TASK GOAL: Every line below from the one containing "Some of the words" to the final line must be reproduced exactly, and no other line may appear in the answer.

Saved entries:
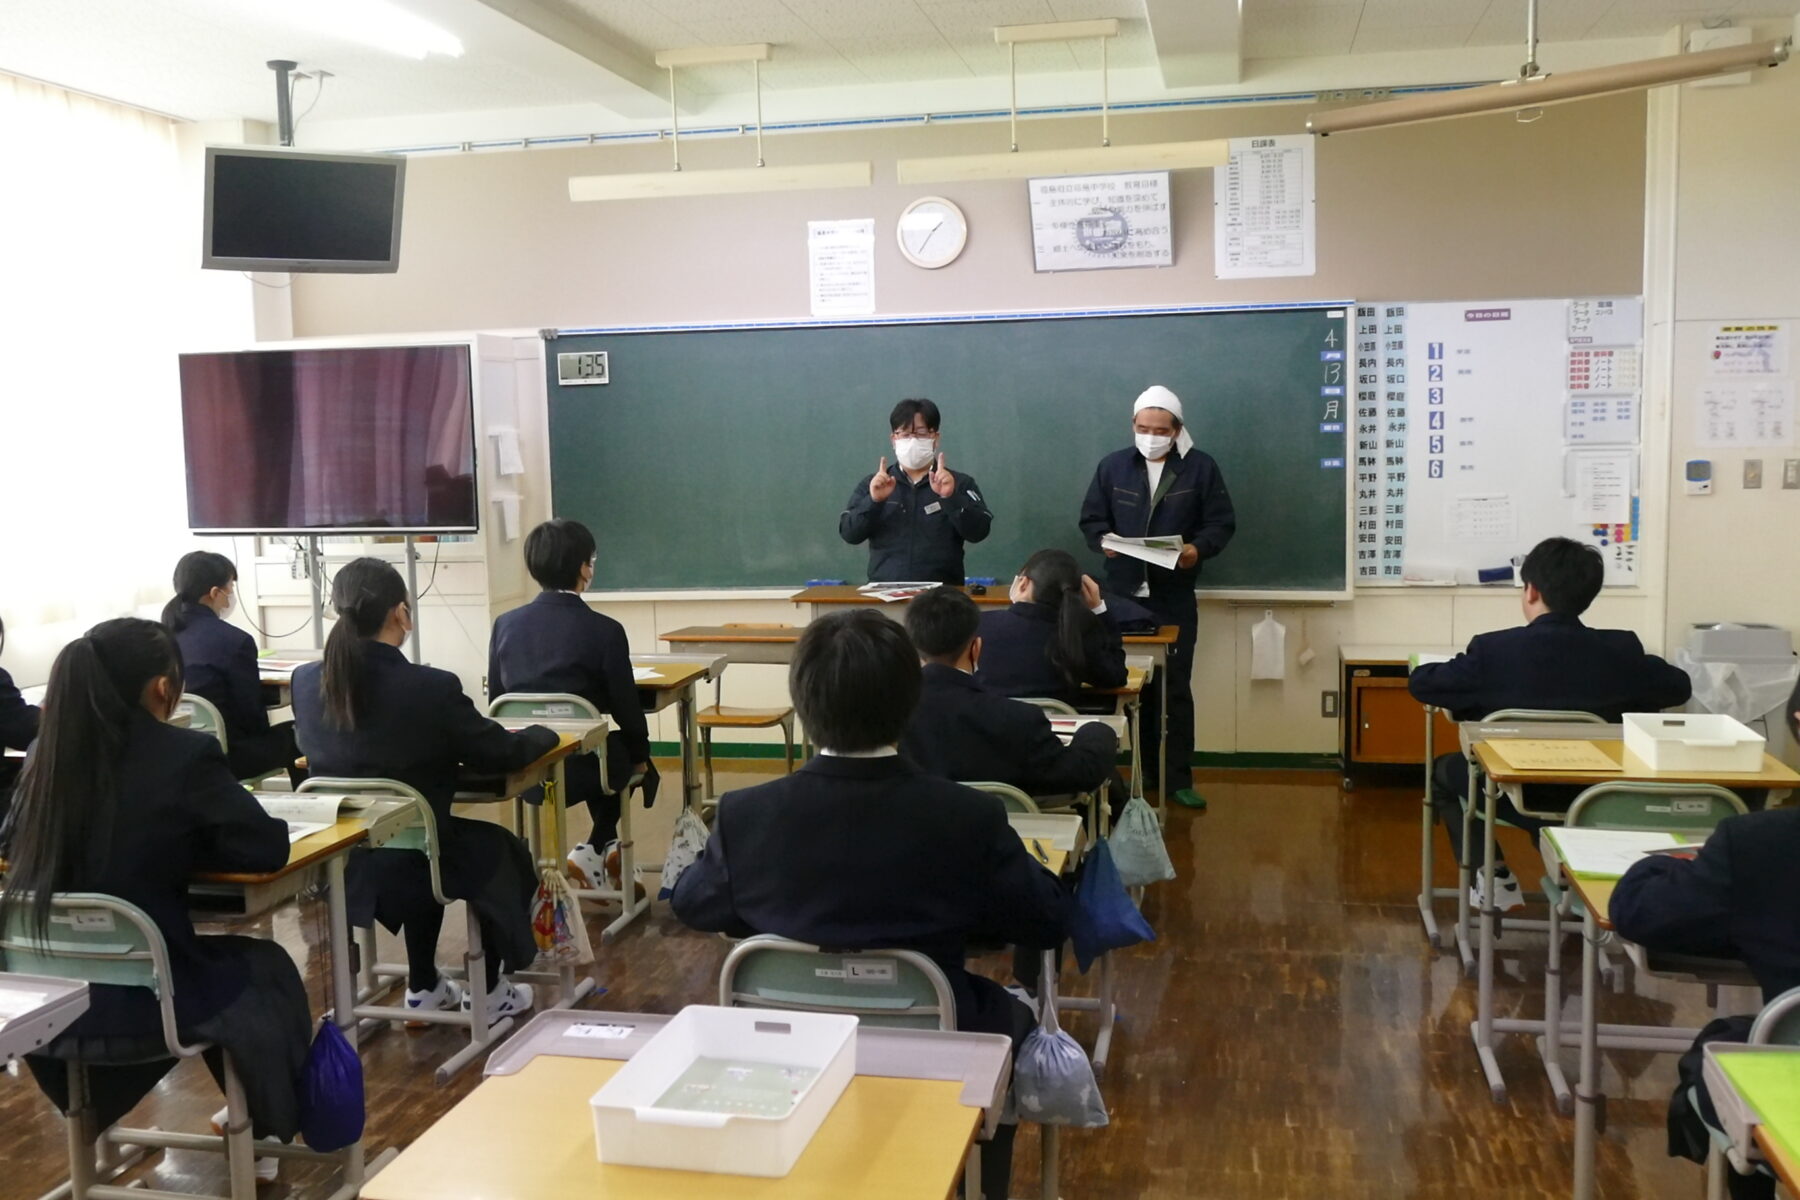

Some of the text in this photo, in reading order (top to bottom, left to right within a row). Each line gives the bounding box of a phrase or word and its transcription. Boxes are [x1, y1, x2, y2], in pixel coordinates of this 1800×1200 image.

[1251, 139, 1276, 148] 日課表
[1359, 325, 1376, 334] 上田
[1384, 325, 1402, 334] 上田
[1325, 329, 1338, 348] 4
[1433, 343, 1439, 359] 1
[1359, 358, 1376, 367] 長内
[1386, 358, 1404, 367] 長内
[1325, 363, 1341, 384] 13
[1431, 366, 1441, 381] 2
[1431, 388, 1441, 404] 3
[1323, 400, 1339, 420] 月
[1358, 408, 1376, 417] 佐藤
[1387, 408, 1405, 417] 佐藤
[1432, 412, 1441, 429] 4
[1359, 425, 1376, 433] 永井
[1388, 423, 1406, 432] 永井
[1359, 440, 1377, 450] 新山
[1386, 439, 1404, 448] 新山
[1432, 436, 1441, 453] 5
[1431, 461, 1441, 477] 6
[1359, 473, 1376, 482] 平野
[1387, 473, 1405, 482] 平野
[1359, 489, 1376, 499] 丸井
[1386, 488, 1404, 497] 丸井
[1359, 520, 1376, 529] 村田
[1386, 520, 1403, 528] 村田
[1358, 534, 1376, 543] 安田
[1385, 536, 1402, 545] 安田
[1359, 566, 1376, 575] 吉田
[1384, 566, 1401, 575] 吉田
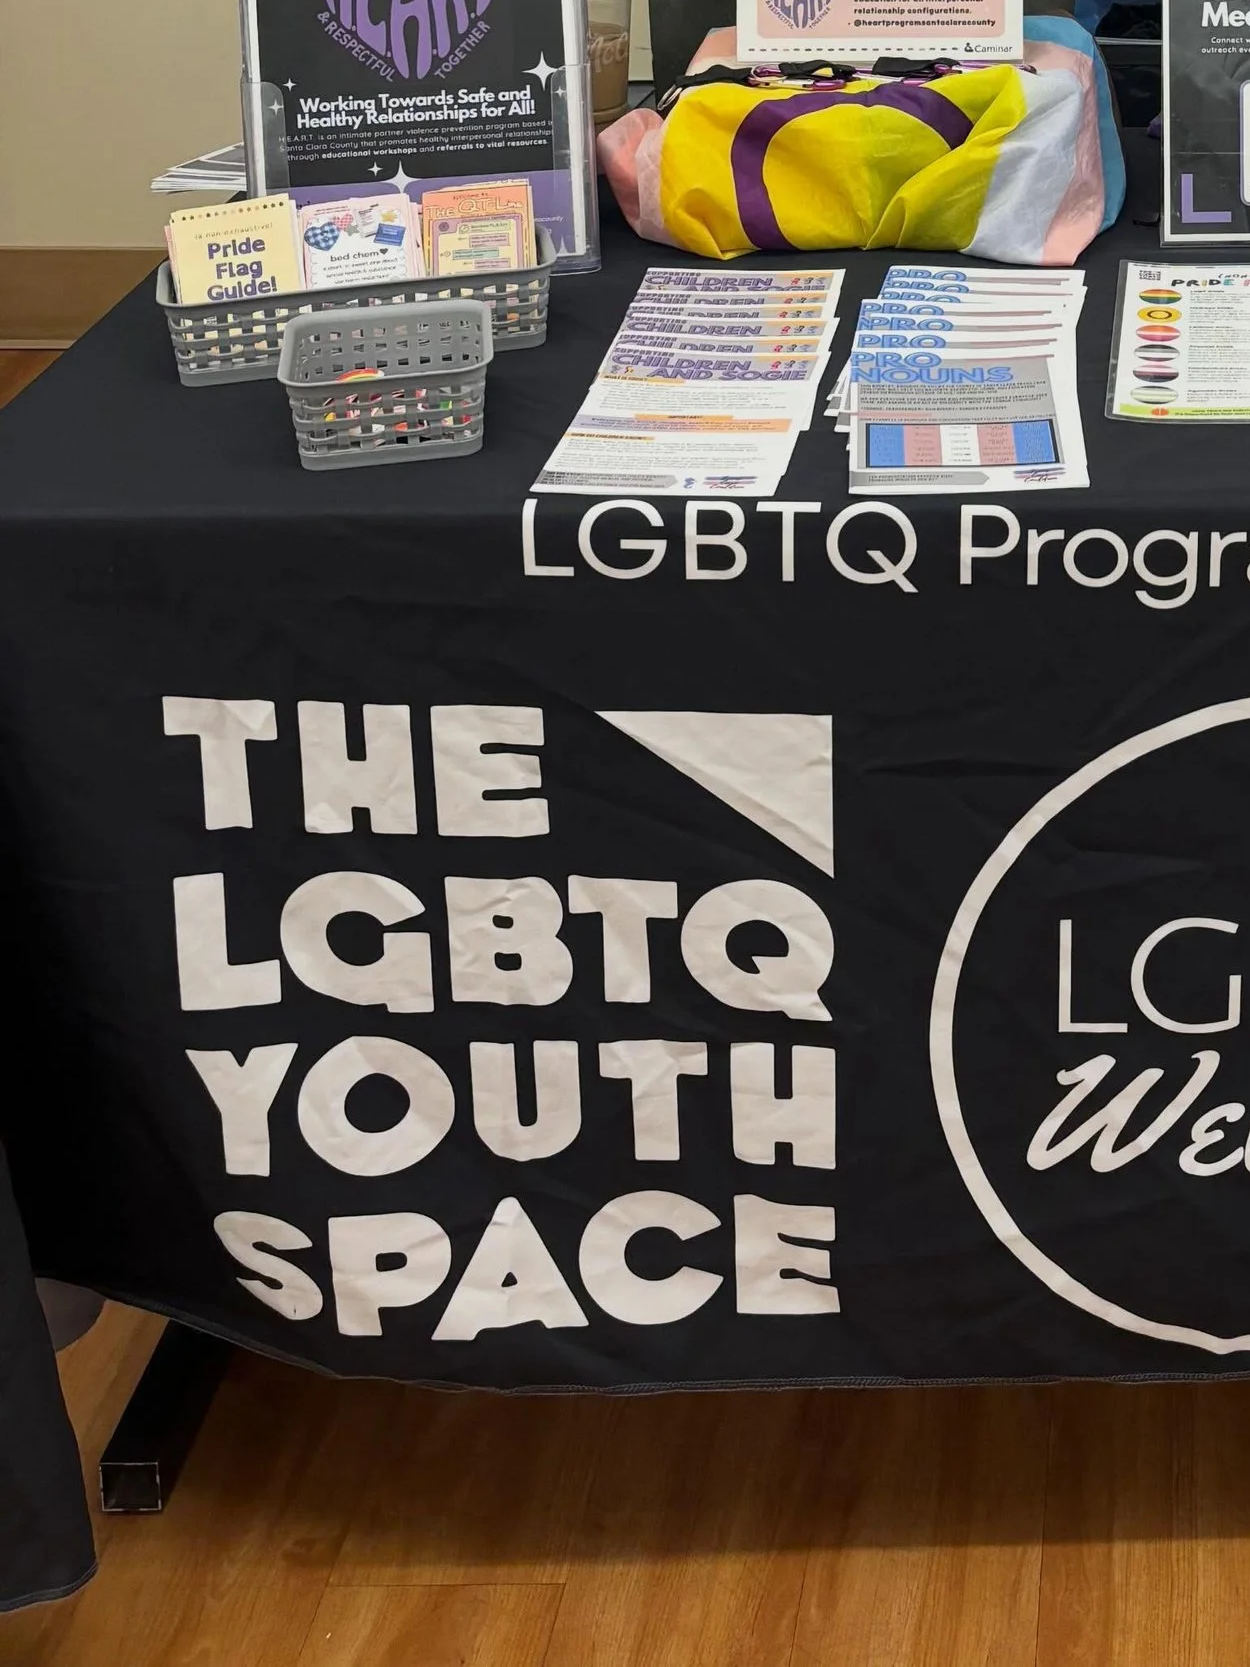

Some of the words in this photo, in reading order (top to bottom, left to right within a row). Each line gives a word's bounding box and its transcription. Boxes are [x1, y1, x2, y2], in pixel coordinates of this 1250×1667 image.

[317, 12, 329, 24] &
[324, 21, 401, 82] RESPECTFUL
[435, 21, 490, 79] TOGETHER
[975, 44, 1012, 54] Caminar
[300, 96, 375, 115] Working
[378, 90, 454, 108] Towards
[457, 87, 495, 104] Safe
[498, 85, 531, 100] and
[297, 111, 362, 130] Healthy
[367, 104, 477, 125] Relationships
[480, 103, 505, 117] for
[508, 100, 535, 115] All!
[207, 238, 266, 260] Pride
[216, 257, 263, 280] Flag
[207, 277, 277, 302] Guide!
[1171, 278, 1234, 287] PRIDE
[612, 354, 752, 370] CHILDREN
[851, 351, 942, 368] PRO
[650, 367, 719, 380] AND
[719, 370, 808, 381] SOGIE
[851, 366, 1014, 384] NOUNS
[521, 500, 918, 592] LGBTQ
[162, 695, 551, 837] THE
[172, 871, 835, 1023] LGBTQ
[185, 1035, 837, 1178] YOUTH
[212, 1190, 841, 1342] SPACE

SOLUTION TO THIS TASK:
Some of the words in this photo, in reading order (top to bottom, left to right within a row). Each line gives a word's bounding box and its transcription. Boxes are [x1, y1, x2, y2], in pixel coordinates of this 1250×1667 image.

[317, 12, 329, 24] &
[324, 21, 401, 82] RESPECTFUL
[435, 21, 490, 79] TOGETHER
[975, 44, 1012, 54] Caminar
[300, 96, 375, 115] Working
[378, 90, 454, 108] Towards
[457, 87, 495, 104] Safe
[498, 85, 531, 100] and
[297, 111, 362, 130] Healthy
[367, 104, 477, 125] Relationships
[480, 103, 505, 117] for
[508, 100, 535, 115] All!
[207, 238, 266, 260] Pride
[216, 257, 263, 280] Flag
[207, 277, 277, 302] Guide!
[1171, 278, 1234, 287] PRIDE
[612, 354, 752, 370] CHILDREN
[851, 351, 942, 368] PRO
[650, 367, 719, 380] AND
[719, 370, 808, 381] SOGIE
[851, 366, 1014, 384] NOUNS
[521, 500, 918, 592] LGBTQ
[162, 695, 551, 837] THE
[172, 871, 835, 1023] LGBTQ
[185, 1035, 837, 1178] YOUTH
[212, 1190, 841, 1342] SPACE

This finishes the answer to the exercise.